----- INFORMATION -----
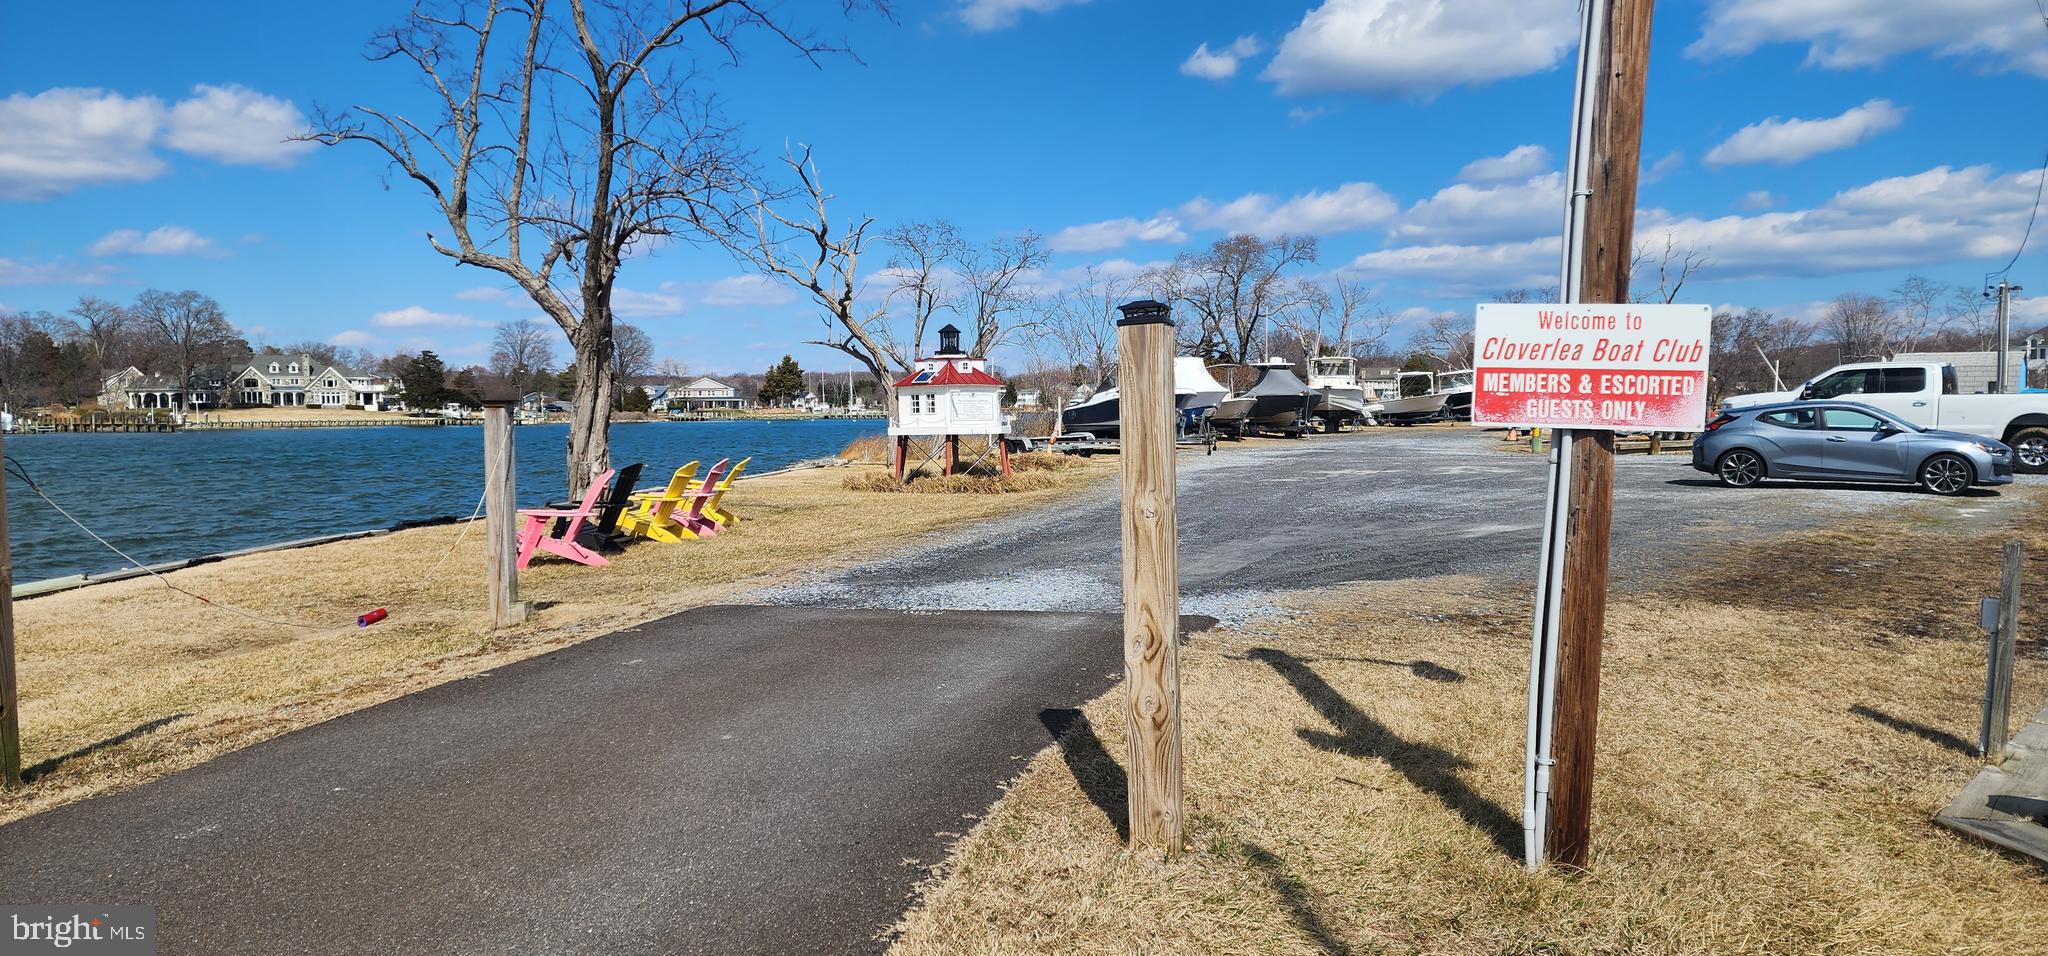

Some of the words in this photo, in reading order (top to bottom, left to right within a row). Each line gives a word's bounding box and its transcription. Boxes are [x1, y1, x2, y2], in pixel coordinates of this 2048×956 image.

[1538, 310, 1616, 330] Welcome
[1626, 312, 1642, 330] to
[1482, 337, 1583, 361] Cloverlea
[1592, 338, 1645, 362] Boat
[1652, 338, 1704, 363] Club
[1483, 373, 1571, 394] MEMBERS
[1578, 375, 1592, 393] &
[1601, 374, 1695, 396] ESCORTED
[1527, 399, 1593, 419] GUESTS
[1601, 401, 1646, 421] ONLY
-----
**WORK INSTRUCTION:** Repeat each entry exactly. Pictures do not belong in the copy.

**EXERCISE RESULT:**
Some of the words in this photo, in reading order (top to bottom, left to right within a row). Each line gives a word's bounding box and its transcription. Boxes are [x1, y1, x2, y2], in pixel coordinates of this 2048×956 image.

[1538, 310, 1616, 330] Welcome
[1626, 312, 1642, 330] to
[1482, 337, 1583, 361] Cloverlea
[1592, 338, 1645, 362] Boat
[1652, 338, 1704, 363] Club
[1483, 373, 1571, 394] MEMBERS
[1578, 375, 1592, 393] &
[1601, 374, 1695, 396] ESCORTED
[1527, 399, 1593, 419] GUESTS
[1601, 401, 1646, 421] ONLY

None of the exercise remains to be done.